*Exercise goal:* Leave out the pictures, and retype the remaining data exactly.

*Data:*
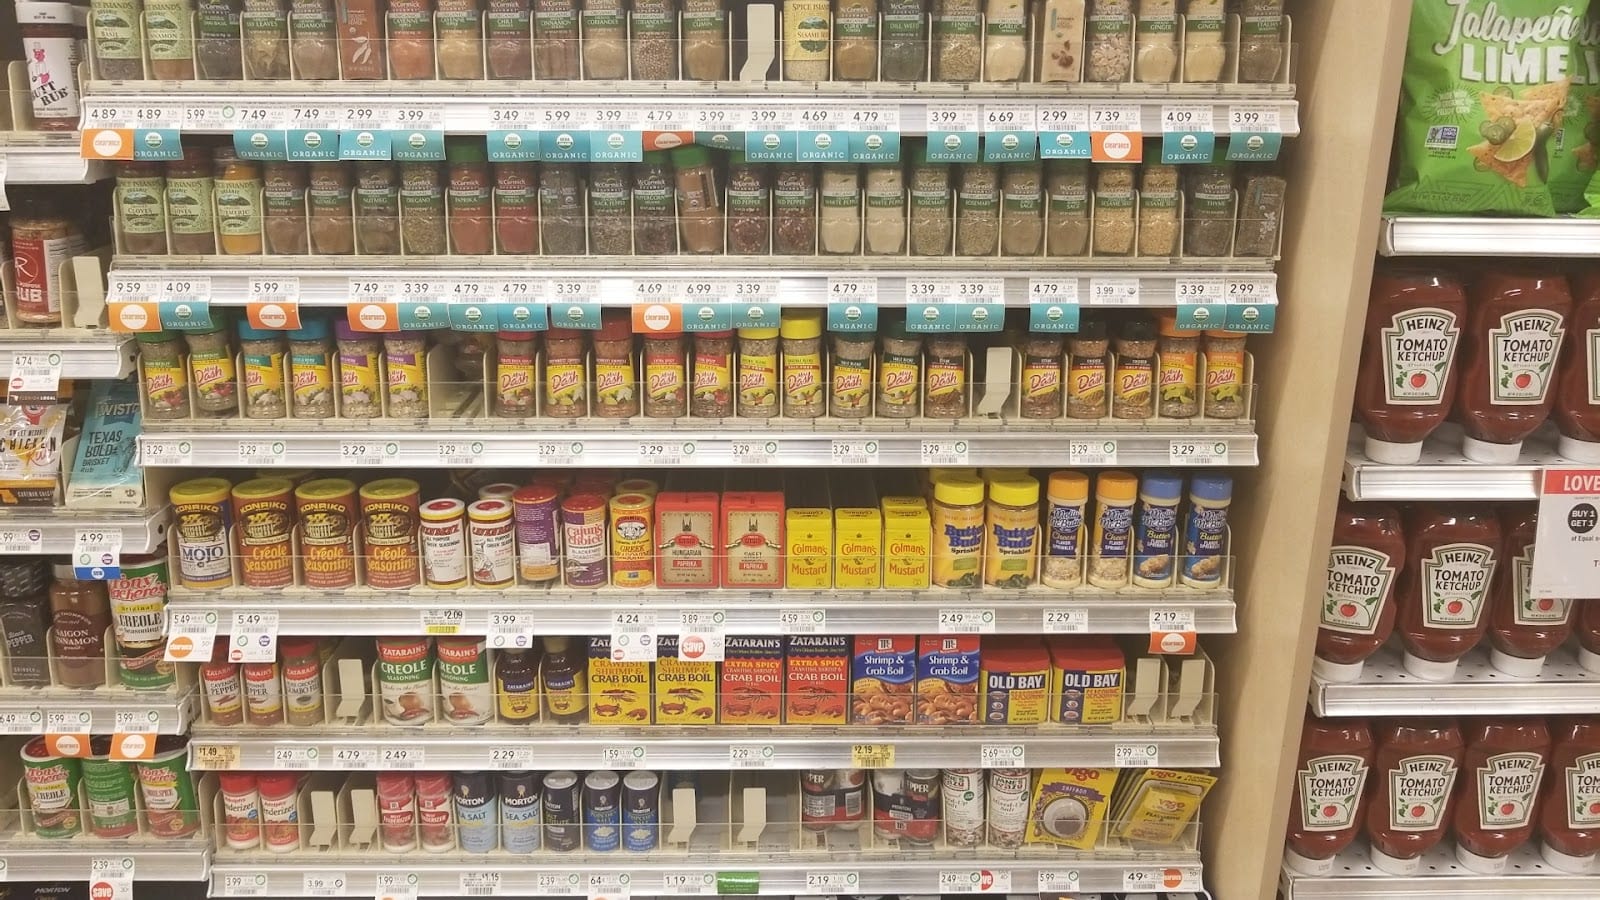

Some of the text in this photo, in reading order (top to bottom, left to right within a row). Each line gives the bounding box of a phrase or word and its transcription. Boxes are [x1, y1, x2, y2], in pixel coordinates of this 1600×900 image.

[1460, 43, 1569, 84] LIME
[33, 81, 56, 99] UTT
[1406, 318, 1446, 331] HEINZ
[1514, 319, 1552, 332] HEINZ
[1395, 338, 1448, 351] TOMATO
[1503, 339, 1553, 352] TOMATO
[1397, 351, 1445, 362] KETCHUP
[1503, 351, 1550, 362] KETCHUP
[88, 430, 123, 443] TEXAS
[240, 502, 287, 514] KONRIKO
[300, 502, 346, 513] KONRIKO
[183, 545, 224, 563] MOJO
[792, 543, 828, 556] Colman's
[841, 543, 877, 556] Colman's
[890, 543, 926, 556] Colman's
[1336, 555, 1377, 568] HEINZ
[1444, 553, 1482, 564] HEINZ
[791, 563, 827, 576] Mustard
[841, 563, 876, 576] Mustard
[889, 563, 925, 576] Mustard
[1434, 569, 1484, 581] TOMATO
[1327, 569, 1380, 587] TOMATO
[1328, 583, 1377, 596] KETCHUP
[1435, 581, 1481, 591] KETCHUP
[119, 614, 162, 628] CREOLE
[683, 642, 704, 653] save
[864, 655, 904, 665] Shrimp &
[929, 655, 969, 665] Shrimp &
[381, 662, 427, 675] CREOLE
[866, 666, 904, 675] Crab Boil
[930, 666, 968, 675] Crab Boil
[591, 674, 648, 683] CRAB BOIL
[658, 673, 714, 682] CRAB BOIL
[724, 674, 781, 682] CRAB BOIL
[789, 673, 845, 681] CRAB BOIL
[989, 675, 1043, 689] OLD BAY
[1064, 673, 1119, 687] OLD BAY
[1318, 762, 1353, 773] HEINZ
[1409, 762, 1443, 773] HEINZ
[1498, 759, 1532, 770] HEINZ
[1310, 777, 1356, 789] TOMATO
[1400, 777, 1446, 788] TOMATO
[1489, 774, 1534, 786] TOMATO
[1311, 787, 1354, 798] KETCHUP
[1400, 787, 1442, 797] KETCHUP
[1490, 783, 1531, 795] KETCHUP
[505, 795, 538, 806] MORTON

*Exercise answer:*
Some of the text in this photo, in reading order (top to bottom, left to right within a row). Each line gives the bounding box of a phrase or word and its transcription. Boxes are [x1, y1, x2, y2], in pixel coordinates of this 1600×900 image.

[1460, 43, 1569, 84] LIME
[33, 81, 56, 99] UTT
[1406, 318, 1446, 331] HEINZ
[1514, 319, 1552, 332] HEINZ
[1395, 338, 1448, 351] TOMATO
[1503, 339, 1553, 352] TOMATO
[1397, 351, 1445, 362] KETCHUP
[1503, 351, 1550, 362] KETCHUP
[88, 430, 123, 443] TEXAS
[240, 502, 287, 514] KONRIKO
[300, 502, 346, 513] KONRIKO
[183, 545, 224, 563] MOJO
[792, 543, 828, 556] Colman's
[841, 543, 877, 556] Colman's
[890, 543, 926, 556] Colman's
[1336, 555, 1377, 568] HEINZ
[1444, 553, 1482, 564] HEINZ
[791, 563, 827, 576] Mustard
[841, 563, 876, 576] Mustard
[889, 563, 925, 576] Mustard
[1434, 569, 1484, 581] TOMATO
[1327, 569, 1380, 587] TOMATO
[1328, 583, 1377, 596] KETCHUP
[1435, 581, 1481, 591] KETCHUP
[119, 614, 162, 628] CREOLE
[683, 642, 704, 653] save
[864, 655, 904, 665] Shrimp &
[929, 655, 969, 665] Shrimp &
[381, 662, 427, 675] CREOLE
[866, 666, 904, 675] Crab Boil
[930, 666, 968, 675] Crab Boil
[591, 674, 648, 683] CRAB BOIL
[658, 673, 714, 682] CRAB BOIL
[724, 674, 781, 682] CRAB BOIL
[789, 673, 845, 681] CRAB BOIL
[989, 675, 1043, 689] OLD BAY
[1064, 673, 1119, 687] OLD BAY
[1318, 762, 1353, 773] HEINZ
[1409, 762, 1443, 773] HEINZ
[1498, 759, 1532, 770] HEINZ
[1310, 777, 1356, 789] TOMATO
[1400, 777, 1446, 788] TOMATO
[1489, 774, 1534, 786] TOMATO
[1311, 787, 1354, 798] KETCHUP
[1400, 787, 1442, 797] KETCHUP
[1490, 783, 1531, 795] KETCHUP
[505, 795, 538, 806] MORTON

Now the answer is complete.